Perhaps the quickest way of making the point is to say that although 'Frodo has hairy feet' is a valid, genuine, bona fide inference from 'Frodo is a hobbit' and 'All hobbits have hairy feet', it doesn't amount to knowledge. It's just not true. None of it is true. None of it is even an attempt to say anything at all about the world.

David Brightly said...

OK, Hal, I guess we will have to agree to differ. I'm happy to say I know nothing about hobbits. There are no such things, so no one has ever been acquainted with one to report its properties. There is, however, much to know about what Tolkien says about hobbits. It's true, for example, that he says that they have hairy feet. But that's something different from their having hairy feet.

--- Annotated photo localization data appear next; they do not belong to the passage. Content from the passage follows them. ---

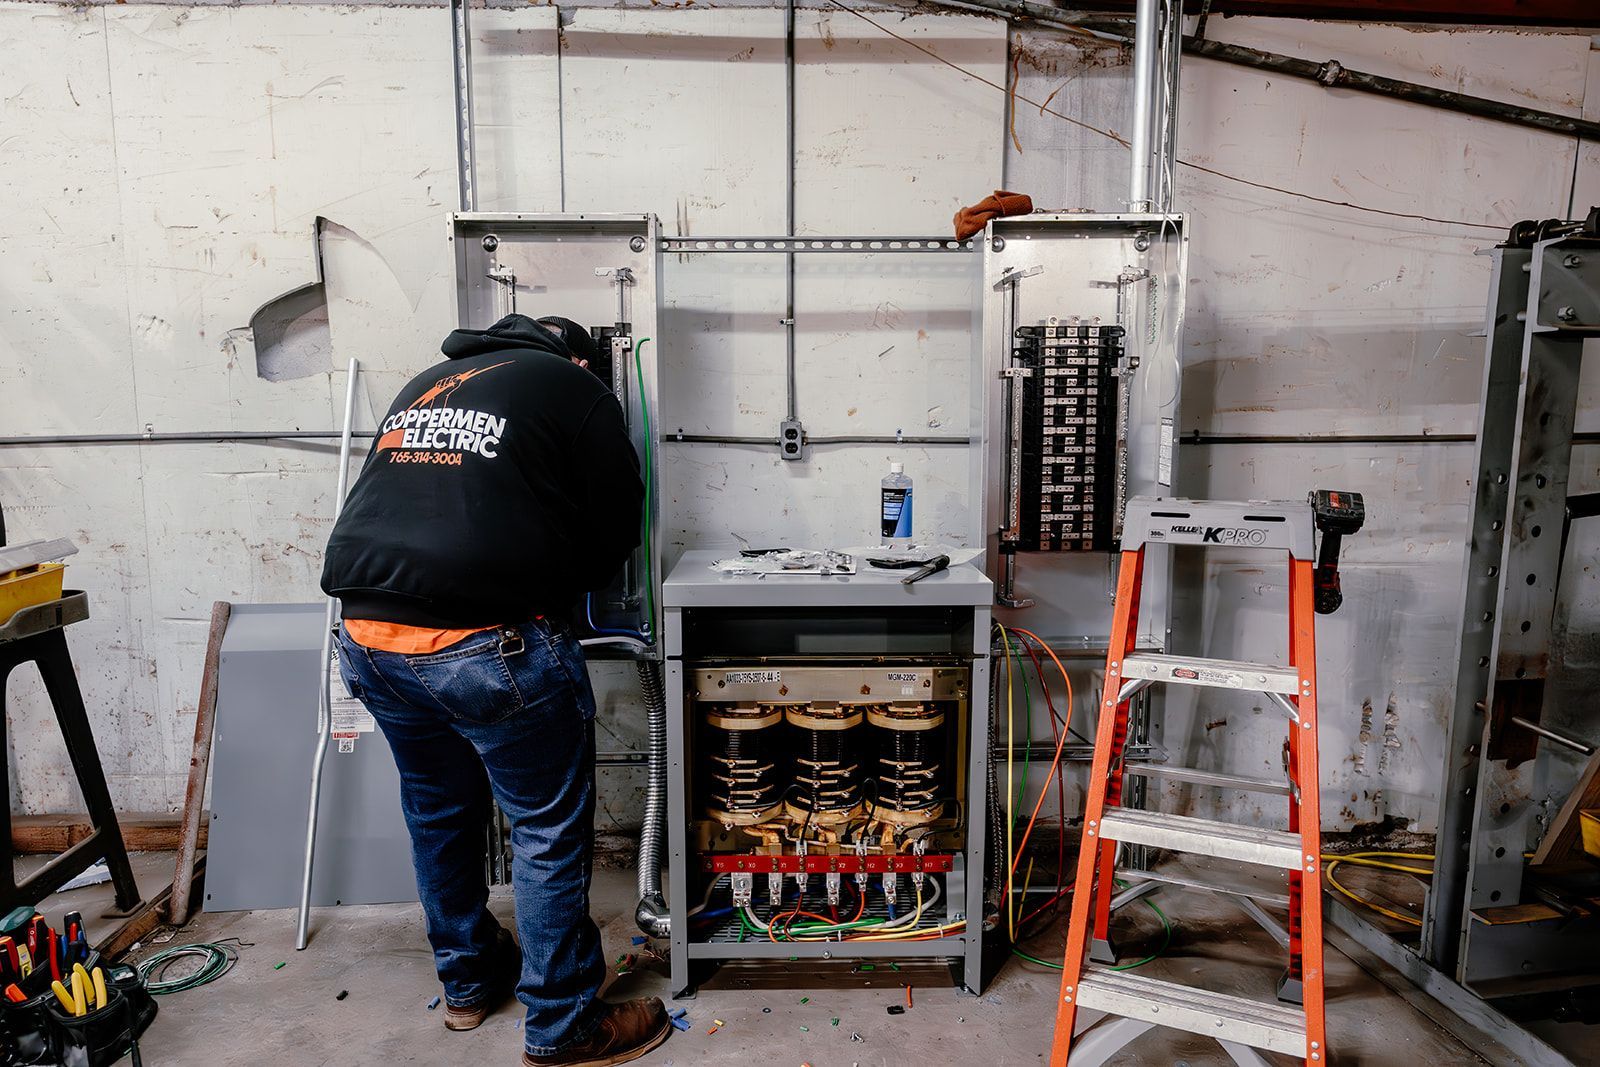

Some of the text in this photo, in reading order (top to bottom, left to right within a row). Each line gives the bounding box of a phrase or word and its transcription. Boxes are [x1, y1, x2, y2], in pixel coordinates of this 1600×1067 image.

[382, 408, 507, 438] COPPERMEN
[401, 427, 500, 459] ELECTRIC
[389, 452, 463, 466] 765-314-3004
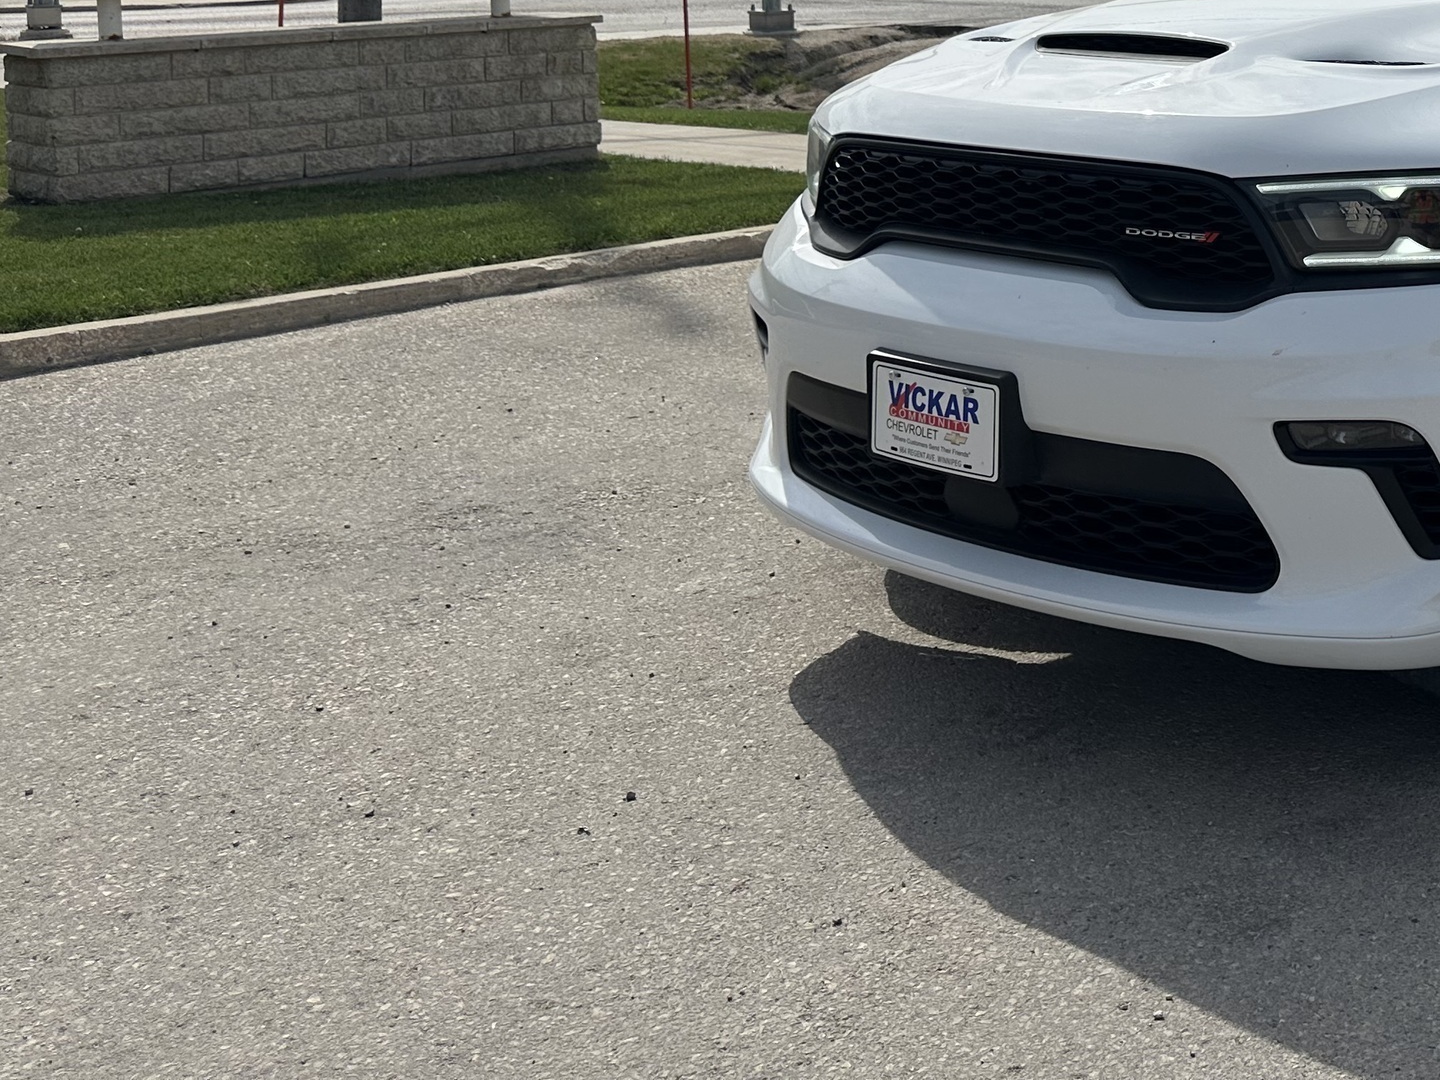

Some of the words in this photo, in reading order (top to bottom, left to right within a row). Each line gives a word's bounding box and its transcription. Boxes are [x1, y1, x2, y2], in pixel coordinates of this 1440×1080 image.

[1125, 227, 1207, 241] DODGE
[888, 380, 980, 425] VICKAR
[886, 418, 939, 440] CHEVROLET
[890, 407, 970, 432] COMMUNITY

Note that there is a connection here with what we discussed recently.

David Brightly said...

I would rather say that what came out of Tolkien's imagination was the idea or concept of hobbits, and said idea or concept enters our imagination when we read Tolkien.

...we trust what we see more readily than a report of what someone else claims to have seen. Or has simply made up. We generally won't trust at all anything that we know somebody has made up.

David Brightly said...

Hello Hal. Yes, indeed! It's a topic full of linguistic snares, and very interesting in consequence.

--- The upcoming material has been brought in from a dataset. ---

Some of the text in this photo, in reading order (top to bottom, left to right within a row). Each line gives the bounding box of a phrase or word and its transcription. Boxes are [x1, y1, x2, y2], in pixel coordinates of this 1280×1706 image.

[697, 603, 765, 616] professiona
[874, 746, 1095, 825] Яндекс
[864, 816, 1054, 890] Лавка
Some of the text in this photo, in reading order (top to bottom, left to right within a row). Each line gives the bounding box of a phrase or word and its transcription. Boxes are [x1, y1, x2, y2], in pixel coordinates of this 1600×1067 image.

When we say we know something about hobbits I think we must be saying that we correctly understand something of the concept 'hobbit' as expressed in Tolkien's writings, promulgated by films, etc. That is, of a human-like creature possessing consciousness and intelligence and language, small in stature and silent-footed, living in houses tunnelled into hillsides, sociable, and fond of birthdays, especially ones divisible by eleven, but not generally keen on horse-riding, and so on. We can be said to know a concept even if that concept has no instances. But as soon as we say something about a particular hobbit, say 'There was a hobbit called Bilbo who went on a quest with a dozen dwarves and a wizard called Gandalf' we are in the realm of falsehood and thus beyond knowledge precisely because there never have been any hobbits.

I too would not call a hobbit a concept. A hobbit is a concrete thing, a concept an abstract thing. But I wouldn't say a hobbit is an imaginary being either. The concept 'imaginary being' is self-contradictory: a being that isn't a being, as it were, somewhat akin to the concept 'round square'. When we say 'A hobbit is an imaginary being' what we are trying to convey is really 'In imagination, a hobbit is a being'. Somehow the sentential operator, 'In imagination', which tells us what kind of credence to give the following clause, is transferred into the clause as a pseudo-adjective applied to 'being'. There's a whole bunch of terms like this, including 'fictional' and 'possible'. Do have a look at my Fiction category if you are interested.

Steve Lovell said...

Just saw this. I also hadn't seen this paper by Anscombe previously. Not that I think I was missing much. I see little to recommend in it. She spends quite a bit of time on aspects she later concedes don't really matter.

I'm happy to admit that the idea of "knowledge completely determined by the thing known" is a deeply problematic notion, but it seems clear to me the general direction in which Lewis was pushing. Broadly, I'd characterise this in the manner of Nozick's definition of knowledge being something that "tracks" truth.

About the key question which Lewis asks, which Anscombe admits is the key question, she has very little to say. That question was: "Even if grounds do exist, what have they got to do with the actual occurrence of the belief as a psychological event?". Pursuing this question, amongst the most useful stuff is the exchange of papers between Gellner and Flew in the Rationalist Annual (1955, 1957, 1958).